_WORK INSTRUCTION_: Could you restate all of the records exactly, leaving out the pictures?

Dataset records
════════════════

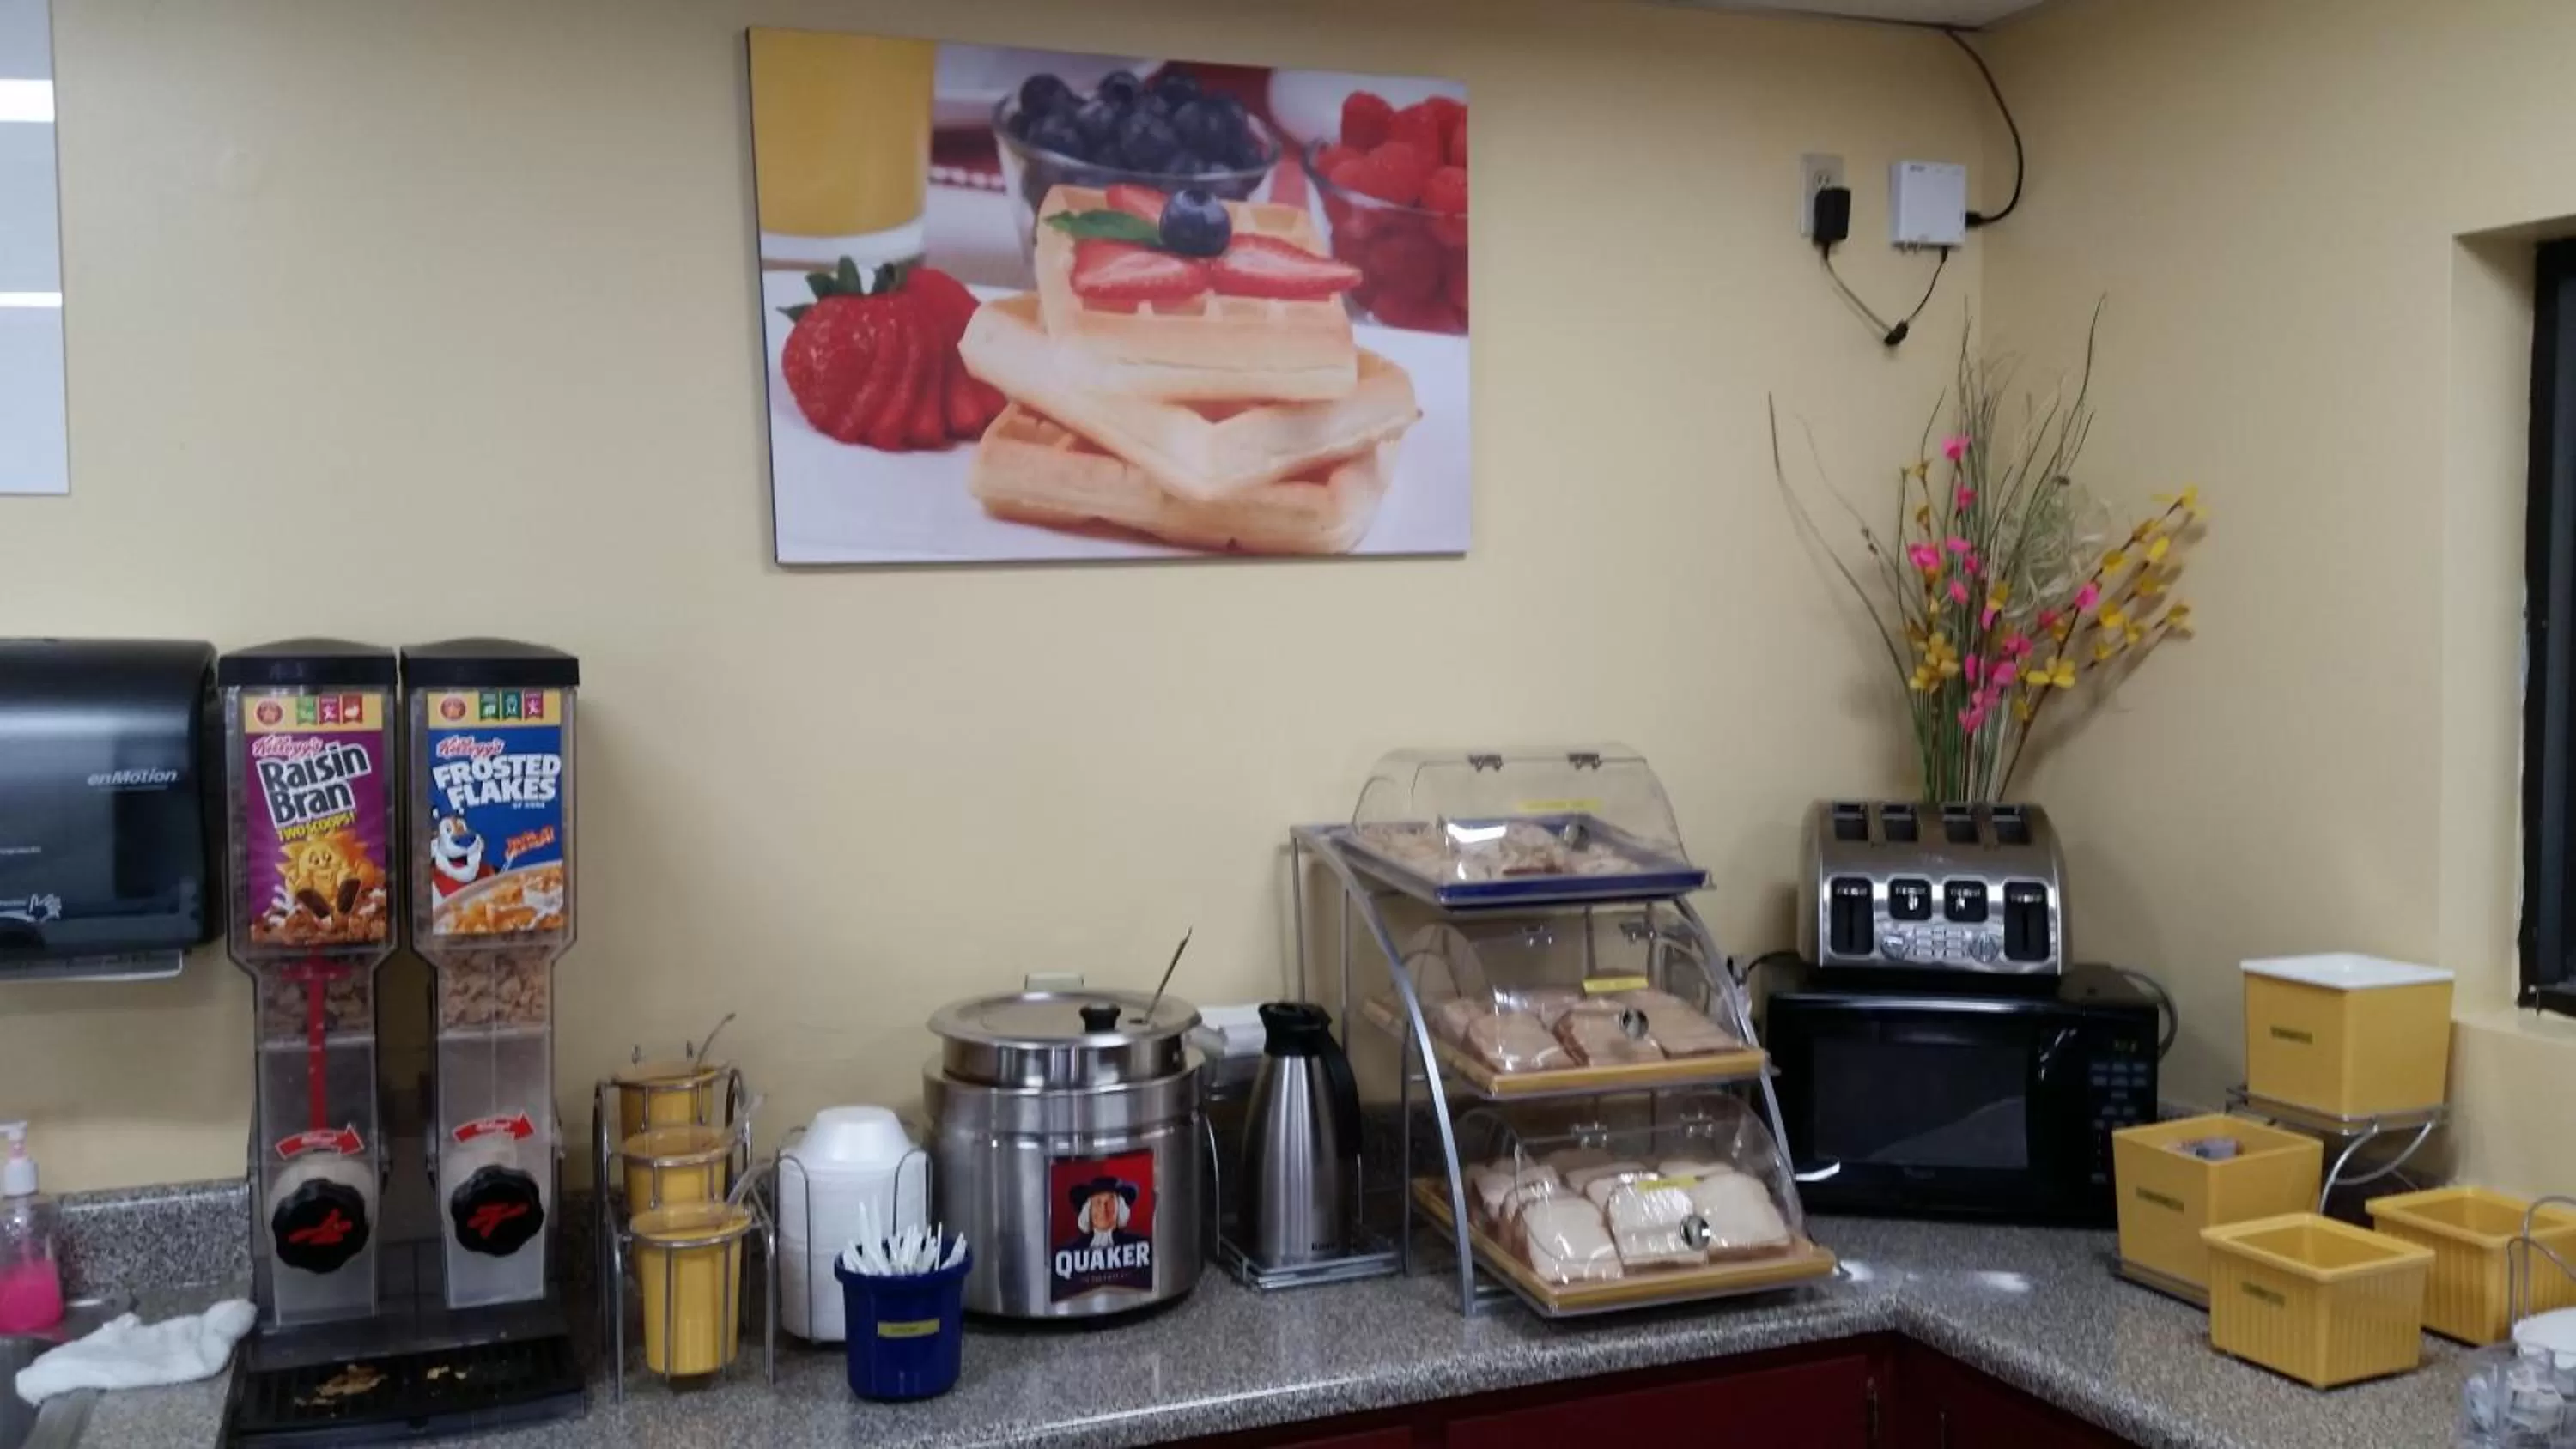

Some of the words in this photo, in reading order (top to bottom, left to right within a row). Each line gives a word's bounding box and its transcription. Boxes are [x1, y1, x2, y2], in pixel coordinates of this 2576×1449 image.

[87, 767, 178, 786] enMotion
[258, 743, 370, 791] Raisin
[433, 754, 562, 790] FROSTED
[269, 782, 355, 825] Bran
[447, 779, 556, 810] FLAKES
[1055, 1241, 1150, 1279] QUAKER
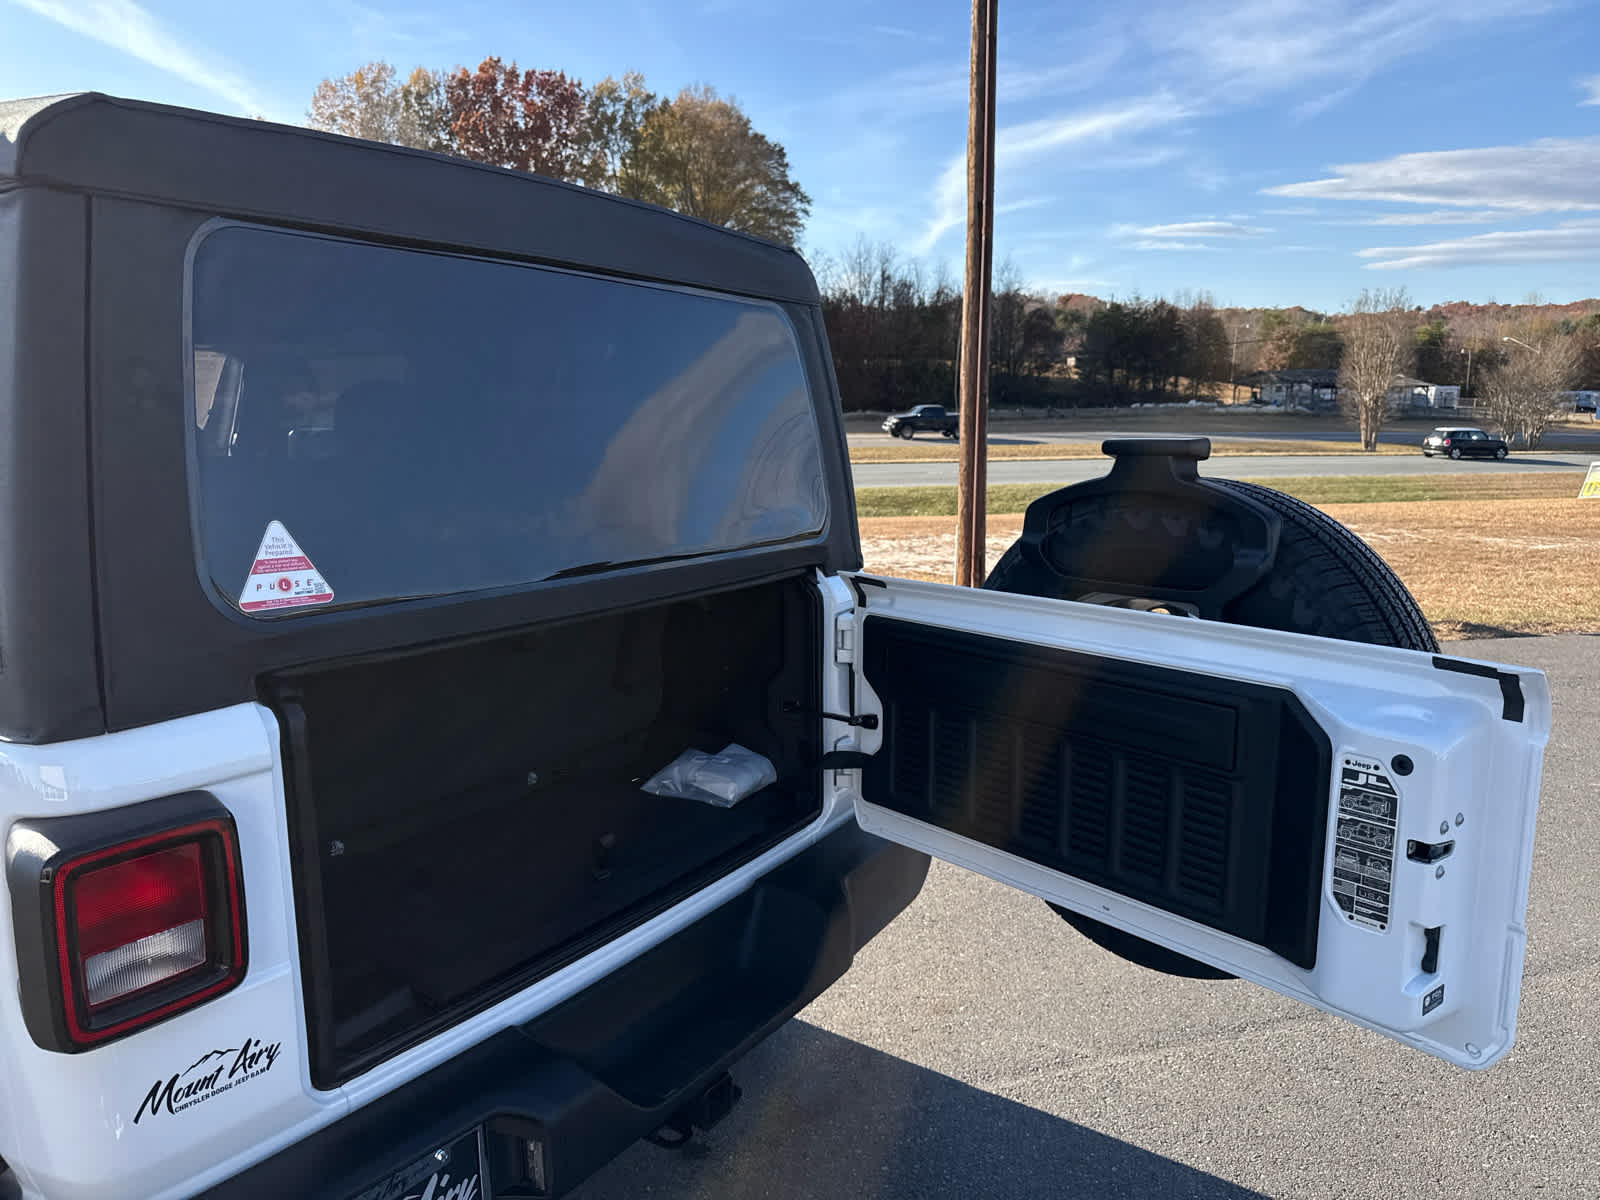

════════════════

_PROBLEM SOLUTION_:
Some of the words in this photo, in reading order (top to bottom, left to right within a row). Each line gives a word's bounding box and its transcription. Boxes are [x1, y1, x2, y2], in pixel coordinates of this 2576×1449 image.

[87, 767, 178, 786] enMotion
[258, 743, 370, 791] Raisin
[433, 754, 562, 790] FROSTED
[269, 782, 355, 825] Bran
[447, 779, 556, 810] FLAKES
[1055, 1241, 1150, 1279] QUAKER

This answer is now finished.